Read This: For a spooky tale of danger from within the family
Don’t Read This: If your sister as your best friend and worst enemy seems too hard


2. This Is How You Make Selkie Skins by Priya Sridha in Mermaids Monthly

A practical guide to making Selkie skins. Including materials and designs and what questions to ask and what not to. Warnings not to repair damaged skins.

Warnings not to dance or swim. Warnings from hard won experience.

Read This: A story about danger and desire in the form of practical advice
Don’t Read This: You can’t make a Selkie skin of faux-leather


3. Ocean’s 6 by Else Sjunneson in Mermaid’s Monthly

Lyall Grey is a Selkie. Selkie’s are made by the love of others and love of the sea. But that’s not important.
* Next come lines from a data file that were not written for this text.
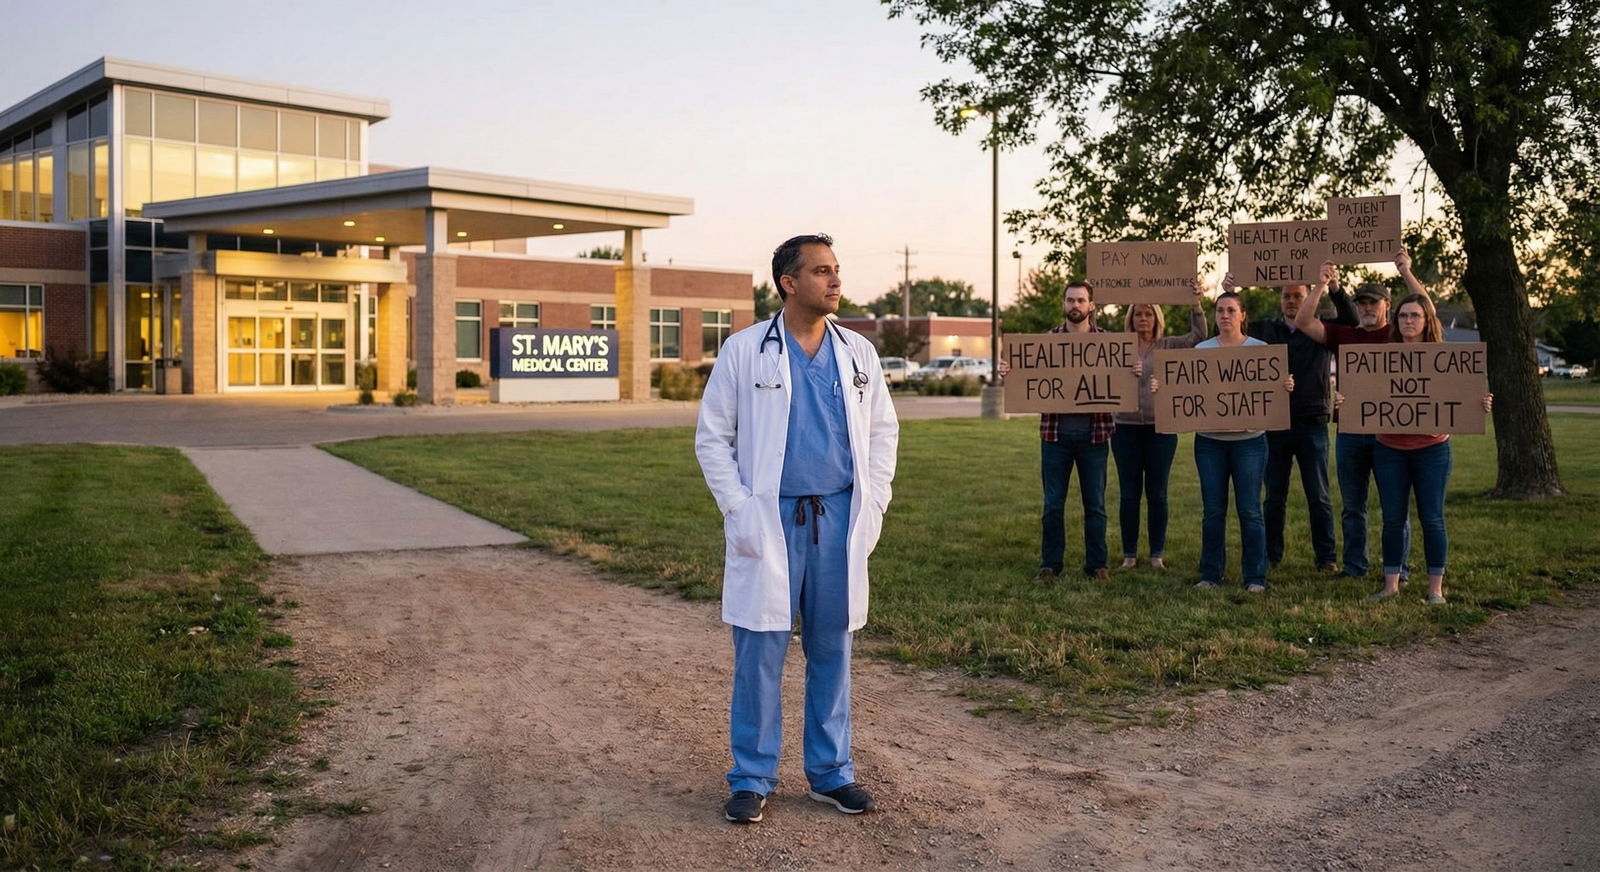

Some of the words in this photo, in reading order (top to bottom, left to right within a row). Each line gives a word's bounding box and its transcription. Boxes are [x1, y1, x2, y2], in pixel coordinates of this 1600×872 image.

[1338, 201, 1388, 215] PATIENT
[1347, 216, 1379, 229] CARE
[1233, 229, 1289, 245] HEALTH
[1294, 227, 1328, 243] CARE
[1353, 230, 1374, 240] NOT
[1101, 251, 1130, 267] PAY
[1254, 249, 1280, 261] NOT
[1291, 248, 1309, 261] FOR
[512, 334, 538, 356] ST.
[543, 335, 609, 356] MARY'S
[1009, 342, 1134, 369] HEALTHCARE
[1346, 351, 1426, 374] PATIENT
[1434, 350, 1483, 374] CARE
[512, 358, 564, 372] MEDICAL
[566, 358, 609, 372] CENTER
[1165, 359, 1210, 385] FAIR
[1217, 357, 1280, 382] WAGES
[1027, 377, 1065, 400] FOR
[1074, 374, 1121, 402] ALL
[1390, 378, 1431, 395] NOT
[1172, 395, 1206, 418] FOR
[1216, 391, 1274, 417] STAFF
[1361, 402, 1463, 427] PROFIT
What is important is that she had a lover who is a curator at the British Museum and he stole her sealskin and put it on display.

And not just hers. There are artefacts from a witch, a vampire, a whole gang of mismatched women who he seduced to put on display.
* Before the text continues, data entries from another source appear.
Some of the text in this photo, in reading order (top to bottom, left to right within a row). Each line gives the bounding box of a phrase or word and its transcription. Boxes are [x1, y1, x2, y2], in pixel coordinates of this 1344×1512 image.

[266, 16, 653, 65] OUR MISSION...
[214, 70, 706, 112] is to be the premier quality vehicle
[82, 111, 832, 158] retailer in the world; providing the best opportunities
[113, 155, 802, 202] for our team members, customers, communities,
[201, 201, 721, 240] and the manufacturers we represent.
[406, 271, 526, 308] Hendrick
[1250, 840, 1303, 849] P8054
A whole crew looking for their stuff back.

Read This: For a brief magic heist and a despicable villain
Don’t Read This: If a telegraphic heist that invites you to join the dots is not for you


4. Grandma’s Shrunken Head Decorates My Backyard Tiki Bar by Cheryl Merkosky in New Flash Fiction Review

Grandma had to hustle and sometimes even beg to keep her family together, and that didn’t work out sometimes. And with every new shame, or problem or just event, she took, or had imposed on her, one more step towards becoming a shrunken head decorating a backyard tiki bar.

Read This: To learn some family history and how to make a shrunken head
Don’t Read This: If the metaphor is too visceral


5. Tell Us Three Things About Yourself One Of Which Is A Lie by Sharon Telfer in New Flash Fiction Review

The three things are their grandmother used to be a Russian Countess, they once killed a soldier in the woods and they had to get some balance in their life so they bought a unicycle. All of these reflect Baba Yaga in one way or another.

One of them is a lie.

Read This: Because we know the woods are full of bad things
Don’t Read This: You prefer your Russian family history and folklore unmixed with lies


6. Bone Dolls by S E Hartz in Crow And Cross Keys

The narrator’s father sends Baba away after he remarries. Unlike her husband he does not hit his new wife or her daughters, or his daughter. He has other ways of influencing them.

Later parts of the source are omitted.